» **Prompt**
Copy each line of the listing below exactly and drop the images.

=== Begin Enclosure ===

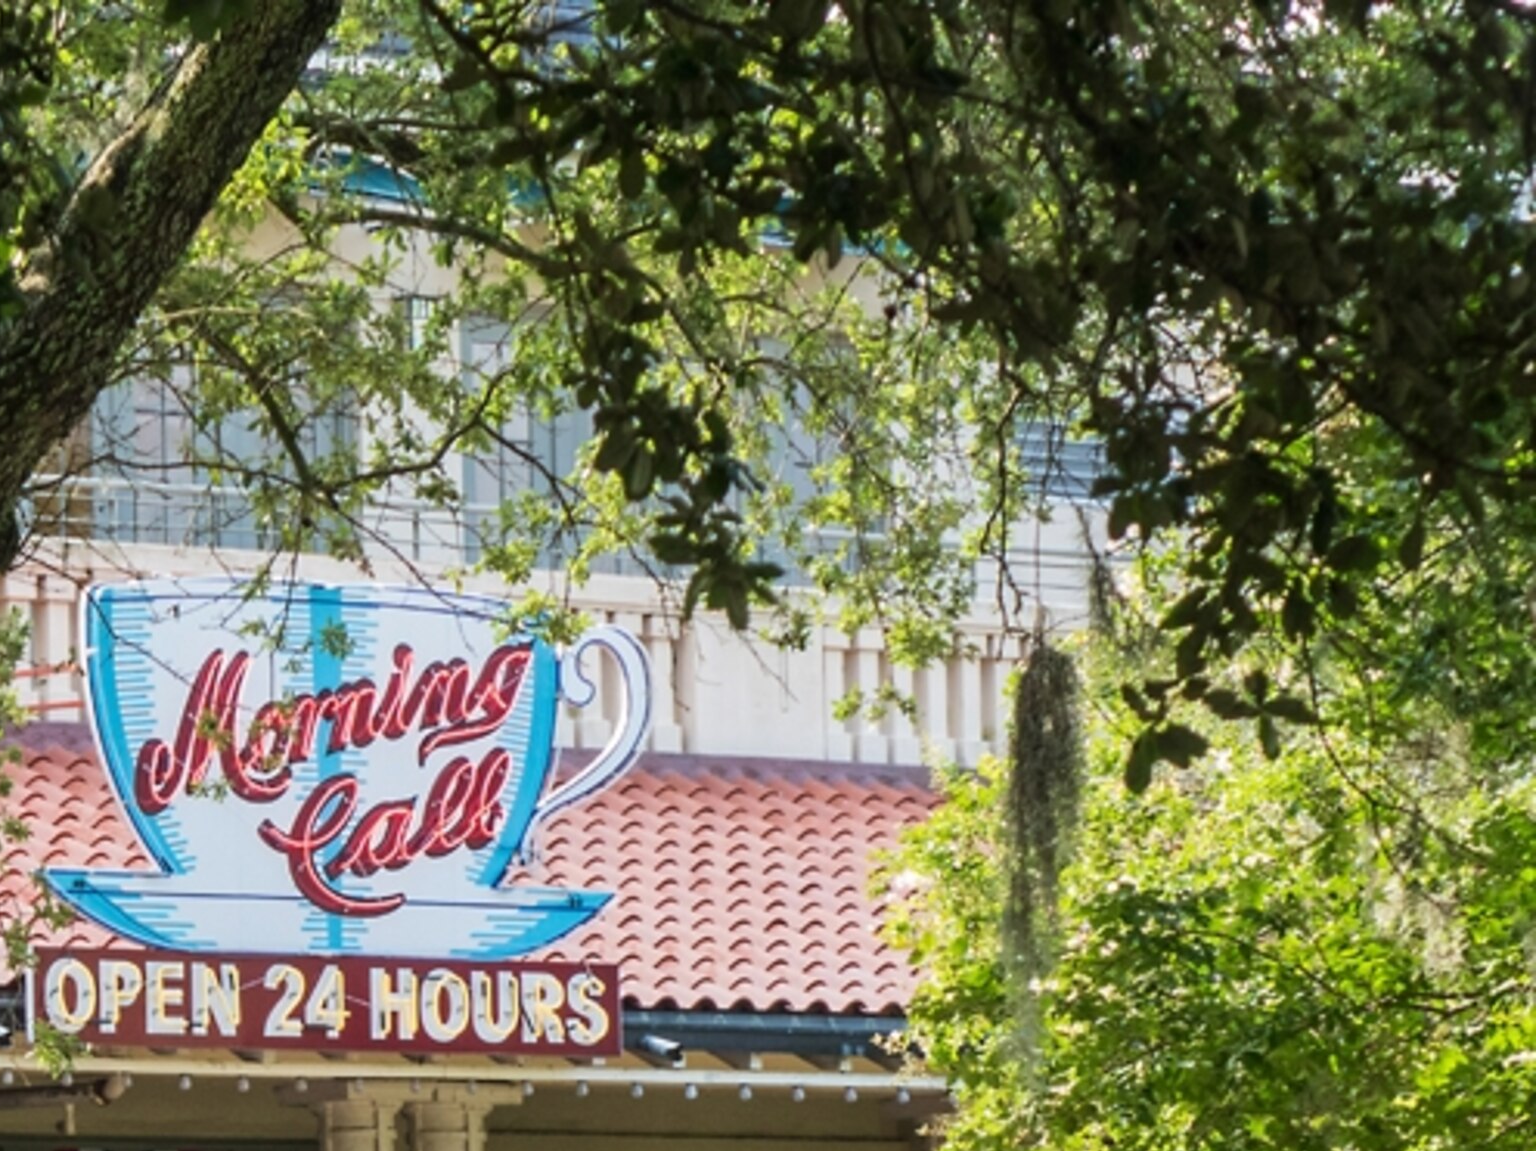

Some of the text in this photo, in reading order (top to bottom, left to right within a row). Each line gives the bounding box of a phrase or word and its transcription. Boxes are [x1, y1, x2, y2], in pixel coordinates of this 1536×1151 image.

[135, 642, 534, 815] Morning
[258, 747, 511, 917] Call
[44, 958, 611, 1047] OPEN 24 HOURS
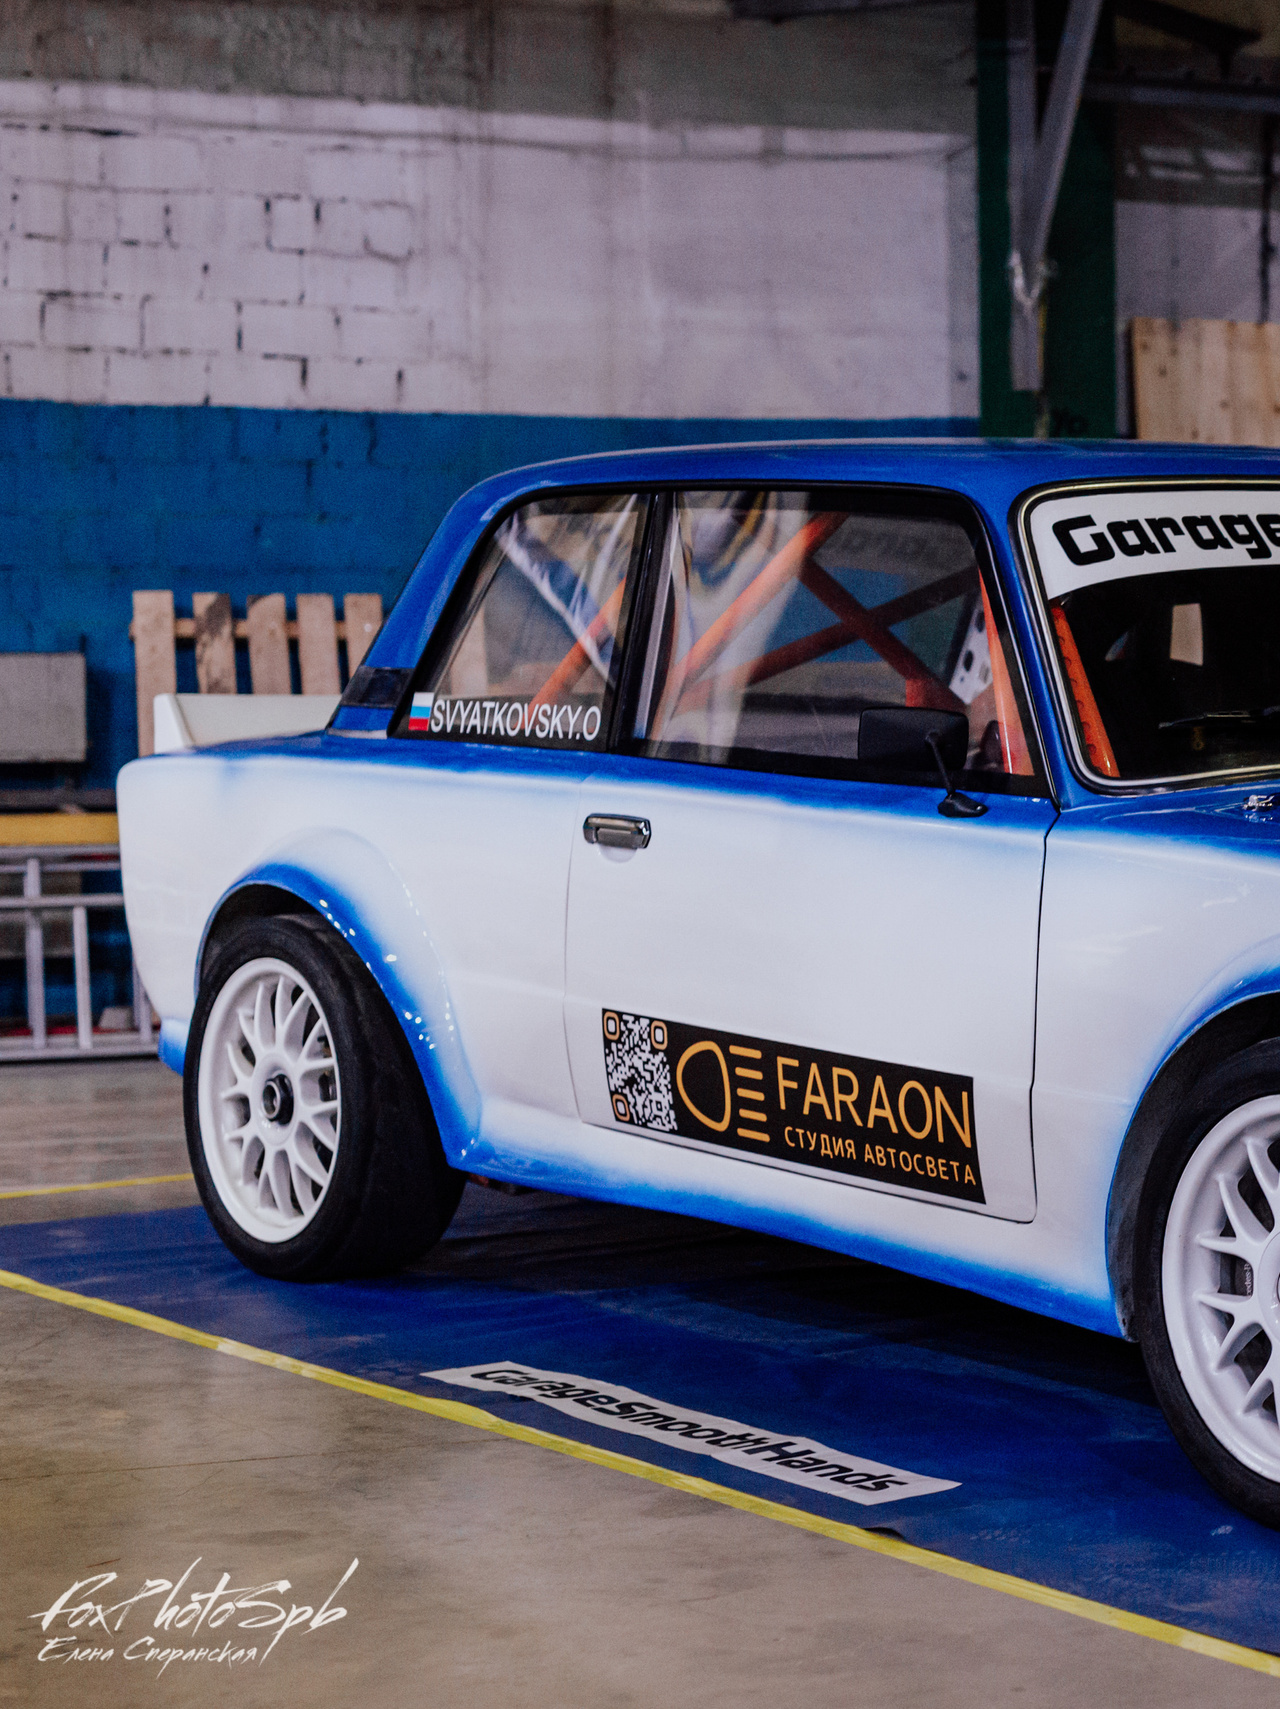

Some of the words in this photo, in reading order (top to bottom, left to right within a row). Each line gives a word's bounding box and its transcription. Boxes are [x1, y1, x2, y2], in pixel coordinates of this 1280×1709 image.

[430, 699, 602, 742] SVYATKOVSKY.O
[776, 1055, 973, 1149] FARAON
[784, 1125, 857, 1161] СТУДИЯ
[864, 1143, 978, 1187] АВТОСВЕТА
[470, 1369, 909, 1493] GarageSmoothHands

=== End Enclosure ===

» **Task output**
Some of the text in this photo, in reading order (top to bottom, left to right within a row). Each line gives the bounding box of a phrase or word and its transcription. Boxes are [x1, y1, x2, y2], in pixel coordinates of this 1536×1151 image.

[135, 642, 534, 815] Morning
[258, 747, 511, 917] Call
[44, 958, 611, 1047] OPEN 24 HOURS

Some of the words in this photo, in reading order (top to bottom, left to right within a row). Each line gives a word's bounding box and its transcription. Boxes are [x1, y1, x2, y2], in pixel coordinates of this 1280×1709 image.

[430, 699, 602, 742] SVYATKOVSKY.O
[776, 1055, 973, 1149] FARAON
[784, 1125, 857, 1161] СТУДИЯ
[864, 1143, 978, 1187] АВТОСВЕТА
[470, 1369, 909, 1493] GarageSmoothHands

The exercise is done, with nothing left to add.